Irmã entrou na Justiça pedindo pensão e interdição judicial dele, em Goiás.
Situação 'peculiar' e capacidade do homem intrigam magistrado: 'Fantástico'.
Antônio mostra buraco onde vive para magistrado, em Nova Roma (Foto: Aline Caetano/TJ-GO)
De dentro do buraco que ele mesmo cavou e onde vive há 25 anos, Antônio
Francisco Calado, 57, teve um dia diferente na última terça-feira (27).

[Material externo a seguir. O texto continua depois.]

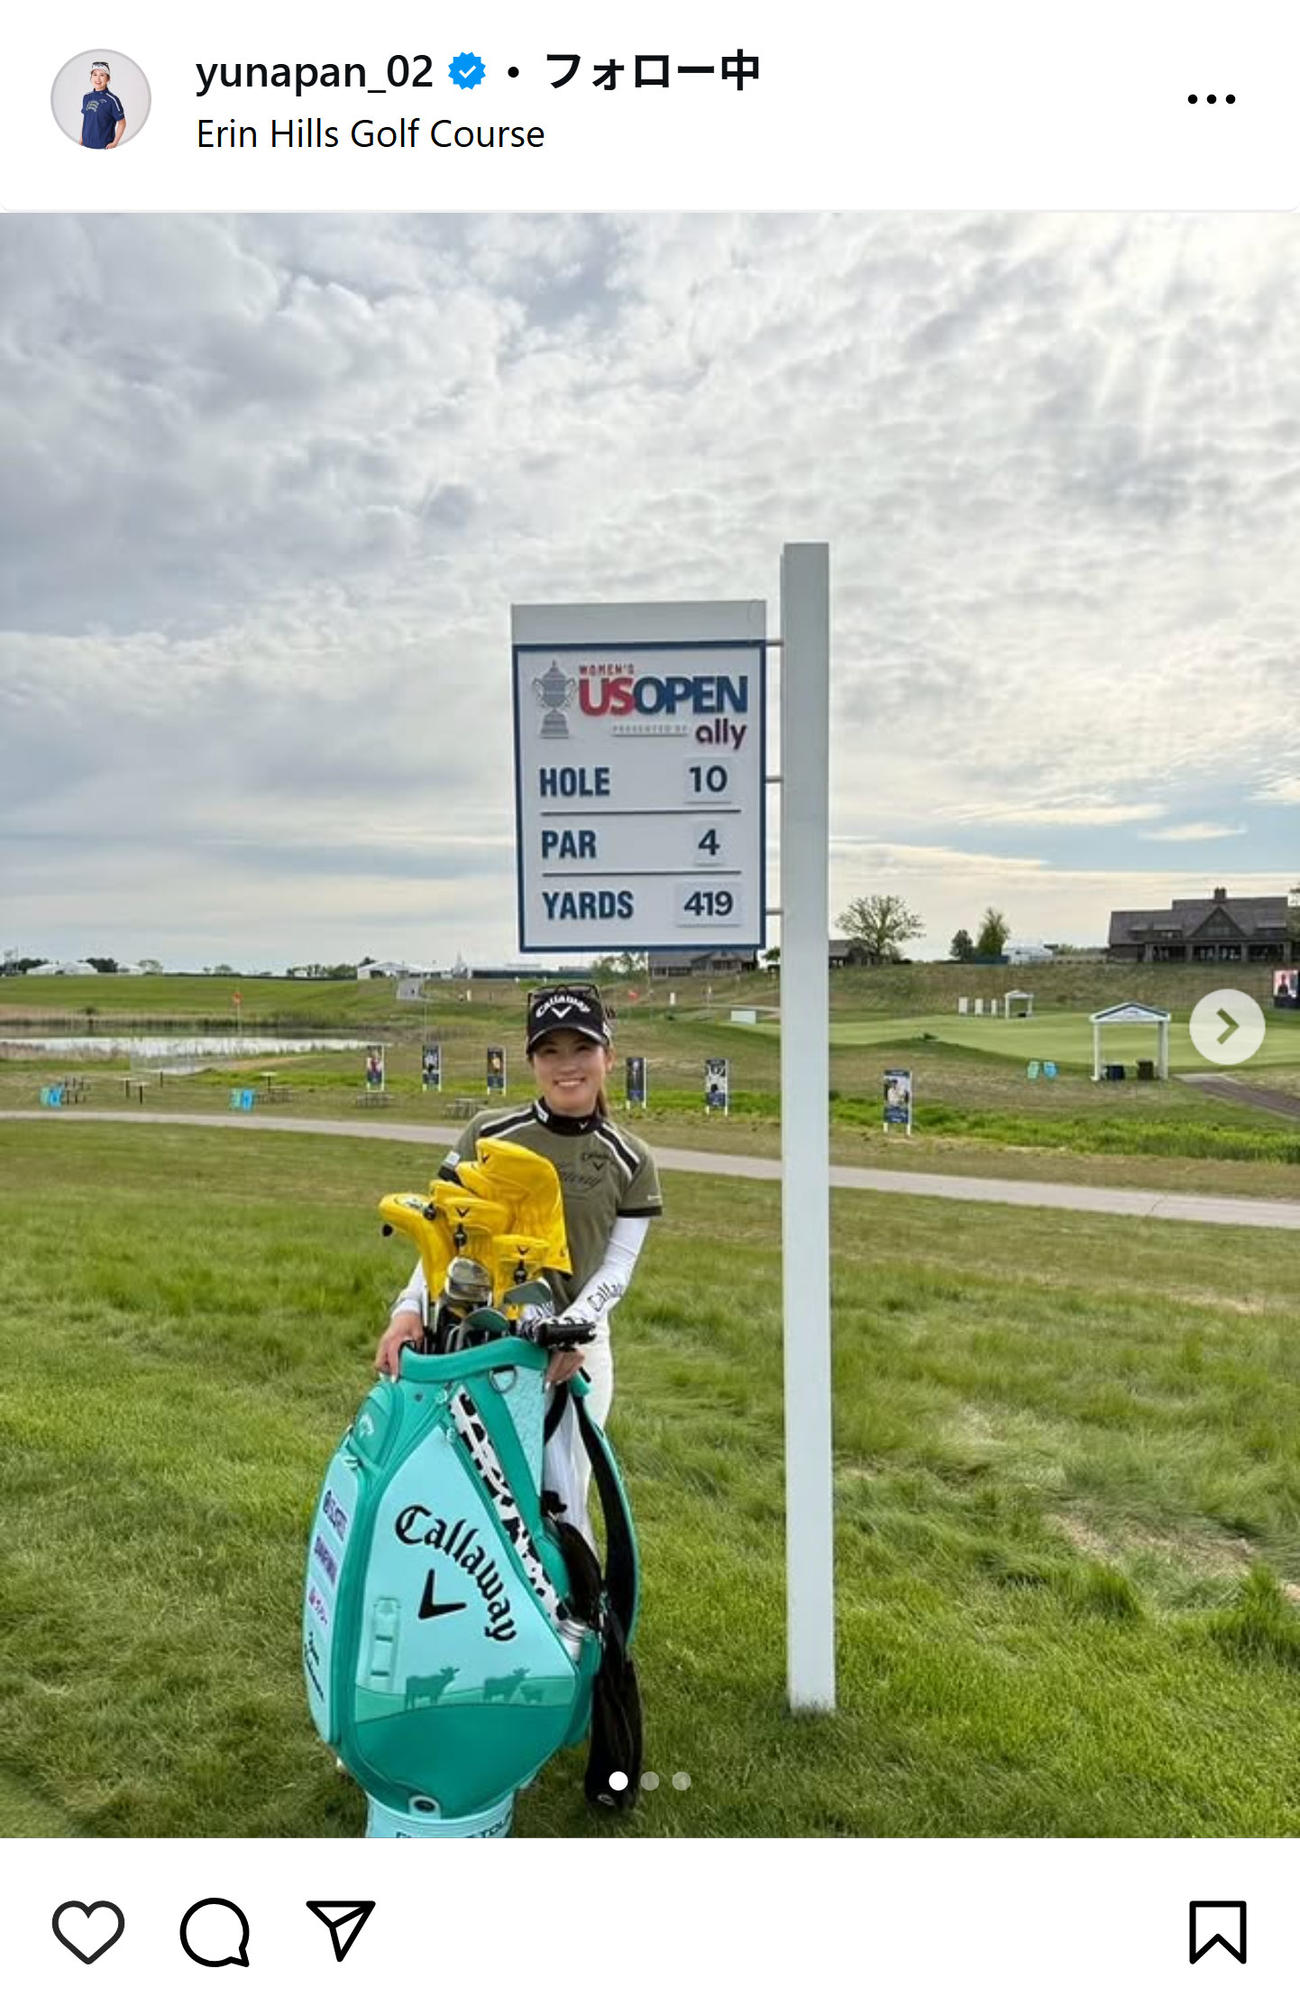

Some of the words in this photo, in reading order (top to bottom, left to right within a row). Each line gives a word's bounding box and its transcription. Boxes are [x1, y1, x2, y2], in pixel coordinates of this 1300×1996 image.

[579, 664, 635, 676] WOMEN'S
[695, 718, 747, 750] ally
[539, 766, 611, 798] HOLE
[688, 765, 728, 793] 10
[541, 829, 597, 860] PAR
[697, 828, 720, 857] 4
[541, 890, 635, 921] YARDS
[683, 890, 734, 918] 419
[535, 994, 592, 1018] Callaway
[395, 1504, 517, 1642] Callaway

Acostumado a ficar sempre sozinho, ele recebeu a visita do juiz Everton
Pereira Santos. O magistrado foi até a "casa", construída em uma
pequena e inóspita propriedade rural de Nova Roma, no norte de Goiás,
para inspecionar a situação e se posicionar a respeito de dois processos
de pensão por morte dos pais e um de interdição judicial envolvendo o
homem.
Tudo começou quando a irmã e curadora de Antônio, Raimunda Tereza
Calado, entrou na Justiça para provar que ele era incapaz e poderia ter
acesso ao benefício. Uma audiência até foi marcada, mas Antônio não
compareceu. Diante da situação, o magistrado, responsável pela comarca
de Iaciara, percorreu 50 km de carro e mais 1 km a pé para checar, com
seus próprios olhos, as condições do "homem do buraco", como é
conhecido.
Santos diz que ficou intrigado com o que encontrou. "Olha, é uma
situação muito peculiar, indescritível. Ao mesmo tempo em que ele
aparenta ter muita inteligência para usar técnicas na construção do
buraco e manusear ferramentas, demonstra aparentes delírios, dizendo que
conversa com os raios e trovões", disse ao G1.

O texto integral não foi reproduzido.